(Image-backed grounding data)
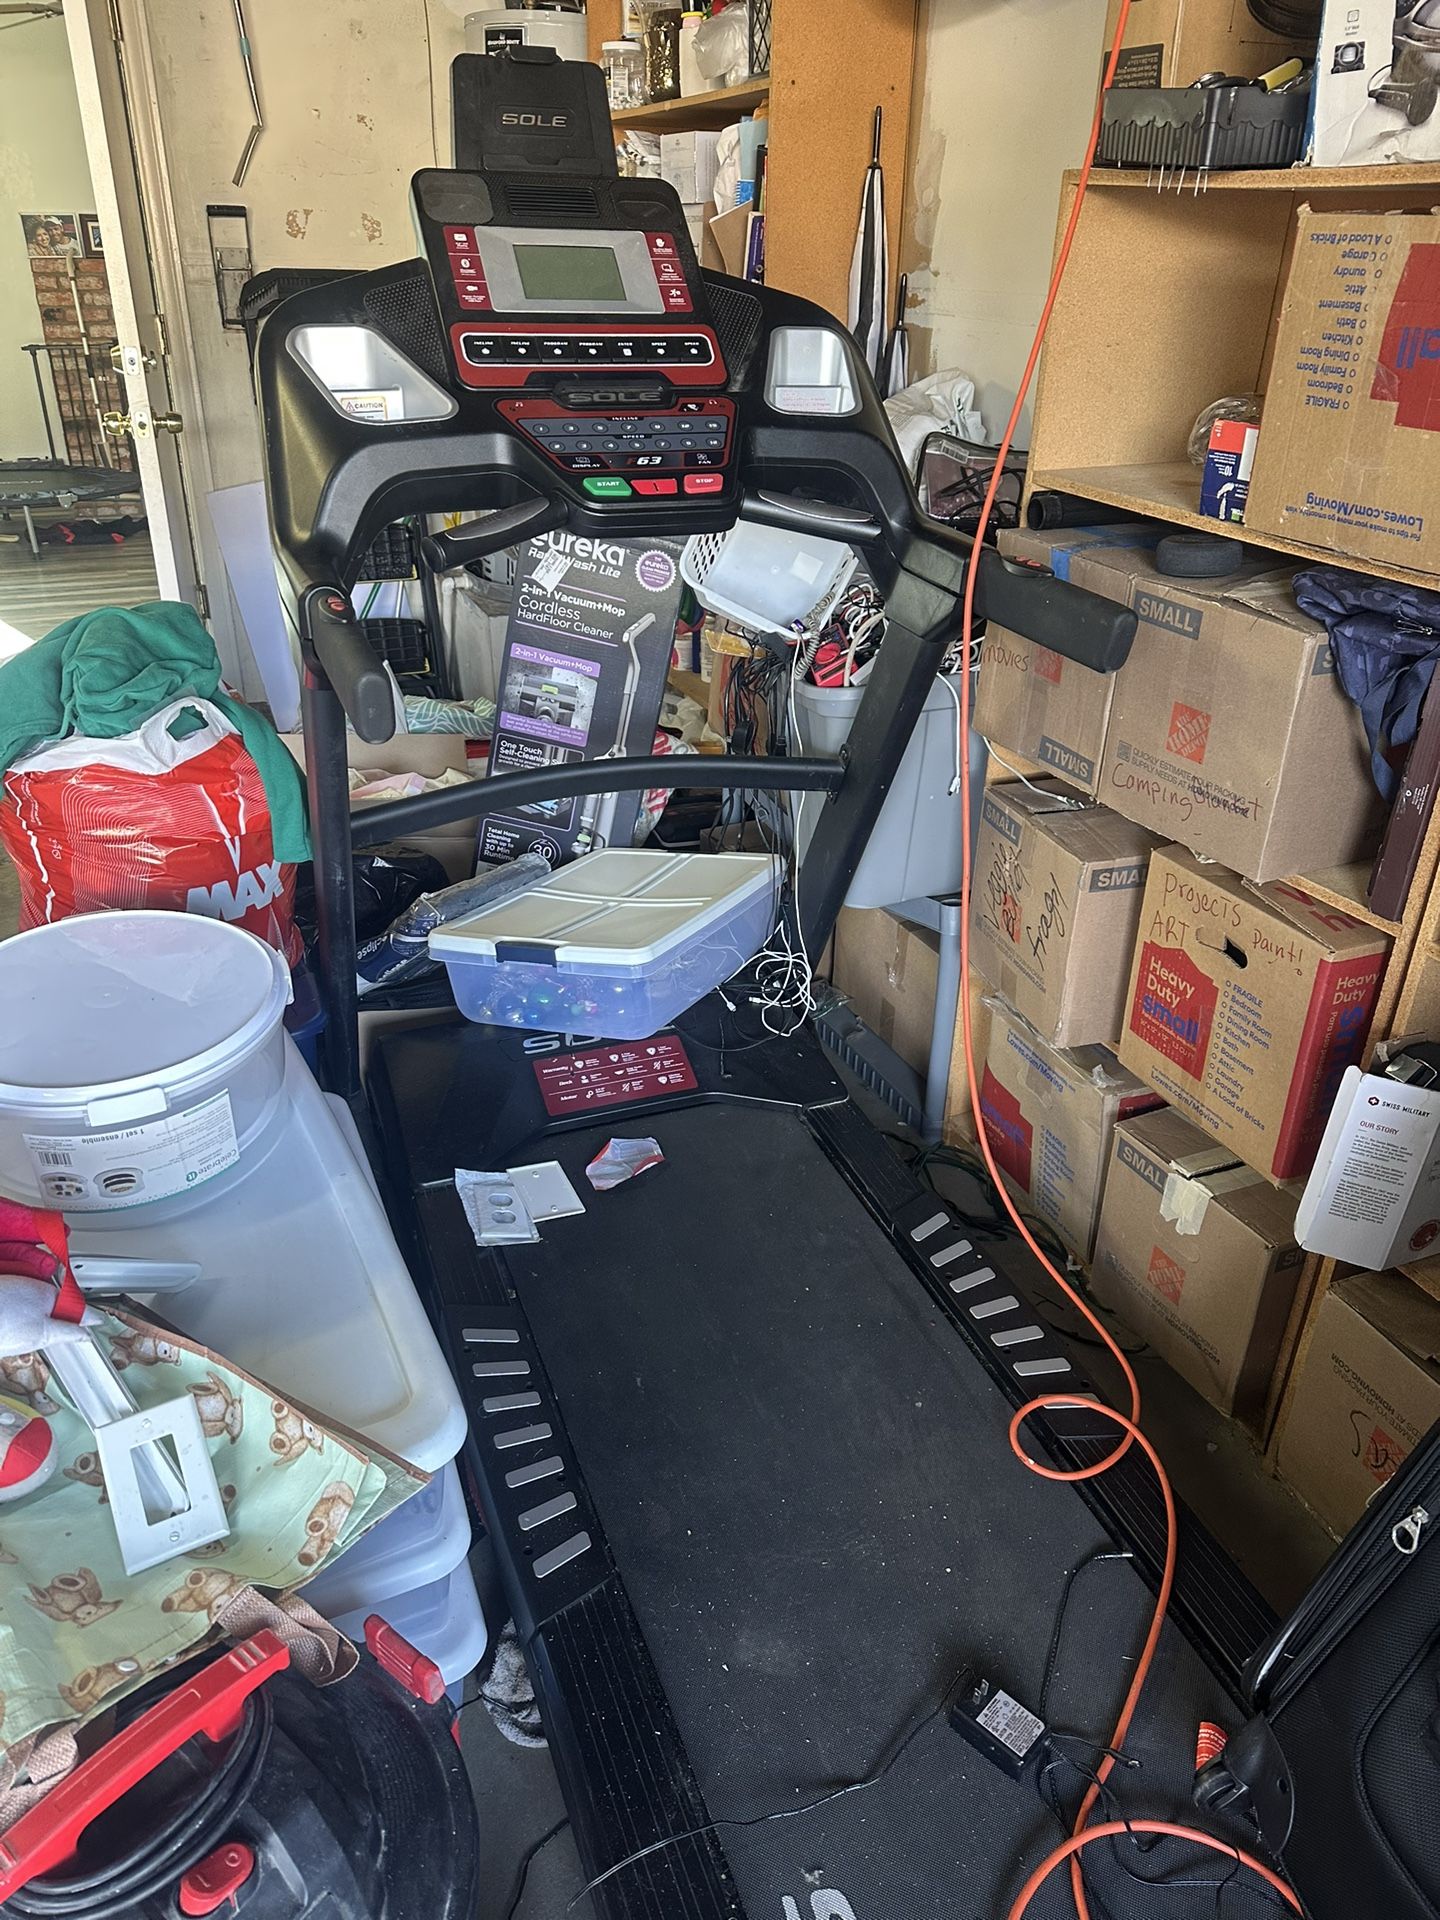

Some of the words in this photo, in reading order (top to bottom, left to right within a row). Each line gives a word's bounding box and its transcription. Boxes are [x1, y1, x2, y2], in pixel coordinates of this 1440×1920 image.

[502, 113, 568, 128] SOLE
[1310, 233, 1336, 244] Bricks
[1337, 233, 1348, 244] of
[1350, 233, 1375, 245] Load
[1376, 234, 1382, 245] A
[1333, 267, 1366, 278] aundry
[1344, 284, 1367, 295] Attic
[1319, 300, 1362, 312] Basement
[1336, 317, 1356, 329] Bath
[1322, 332, 1354, 345] Kitchen
[1300, 346, 1323, 359] Room
[1324, 348, 1350, 362] Dining
[1296, 361, 1318, 375] Room
[1319, 363, 1347, 378] Family
[1307, 379, 1344, 393] Bedroom
[568, 391, 661, 402] SOLE
[1305, 394, 1340, 409] FRAGILE
[626, 456, 662, 465] F63
[1306, 491, 1424, 532] Lowes.com/Moving
[1354, 519, 1368, 529] your
[1369, 523, 1388, 533] make
[1388, 527, 1396, 535] to
[1396, 529, 1409, 540] tips
[1410, 532, 1421, 542] For
[530, 530, 626, 567] eureka
[599, 564, 621, 579] Lite
[521, 582, 551, 598] 2-in-1
[553, 590, 626, 617] Vacuum+Mop
[518, 595, 581, 621] Cordless
[1138, 597, 1195, 634] SMALL
[518, 608, 572, 630] HardFloor
[573, 621, 614, 640] Cleaner
[515, 647, 538, 659] 2-in-1
[538, 652, 593, 673] Vacuum+Mop
[500, 740, 517, 749] One
[519, 743, 543, 755] Touch
[500, 747, 550, 765] Self-Cleaning
[1044, 744, 1091, 778] SMALL
[1131, 756, 1155, 773] SUPPLY
[1155, 768, 1178, 785] NEEDS
[1132, 747, 1160, 765] QUICKLY
[1160, 760, 1192, 780] ESTIMATE
[1213, 783, 1246, 805] PACKING
[1111, 762, 1193, 822] Camping
[986, 803, 1017, 840] SMALL
[486, 832, 511, 843] Cleaning
[488, 827, 502, 835] Total
[503, 830, 520, 839] Home
[484, 850, 515, 861] Runtime
[485, 843, 495, 851] 30
[497, 846, 510, 854] Min
[533, 845, 552, 859] 30
[1097, 868, 1140, 887] SMA
[1149, 910, 1190, 947] ART
[1150, 956, 1195, 996] Heavy
[1336, 972, 1380, 990] Heavy
[1146, 976, 1180, 1008] Duty
[1233, 983, 1264, 1009] FRAGILE
[1332, 988, 1367, 1006] Duty
[1231, 994, 1262, 1021] Bedroom
[1142, 994, 1199, 1045] small
[1228, 1006, 1252, 1025] Family
[1252, 1020, 1272, 1039] Room
[1327, 1011, 1338, 1032] Para
[1224, 1026, 1252, 1049] Kitchen
[1226, 1016, 1250, 1037] Dining
[1249, 1031, 1270, 1050] Room
[1323, 1033, 1332, 1048] uso
[1222, 1036, 1240, 1053] Bath
[1218, 1058, 1236, 1074] Attic
[1220, 1047, 1255, 1075] Basement
[1216, 1067, 1245, 1092] Laundry
[1214, 1077, 1241, 1100] Garage
[1149, 1070, 1221, 1130] Lowes.com/Moving
[1212, 1087, 1218, 1095] A
[1218, 1090, 1236, 1108] Load
[1235, 1104, 1244, 1116] of
[1243, 1109, 1266, 1131] Bricks
[1381, 1101, 1401, 1111] SWISS
[1402, 1106, 1432, 1118] MILITARY
[128, 1130, 139, 1138] set
[1359, 1120, 1375, 1130] OUR
[1376, 1124, 1400, 1136] STORY
[81, 1132, 119, 1144] ensemble
[1122, 1146, 1164, 1189] SMAL
[1331, 1352, 1396, 1416] HDMOVING.COM

▸ **WORK REQUEST**:
Whenever a line in the entries above includes the word "Lowes", pull that line out.

▸ **RESPONSE FOR THIS EXERCISE**:
[1306, 491, 1424, 532] Lowes.com/Moving
[1149, 1070, 1221, 1130] Lowes.com/Moving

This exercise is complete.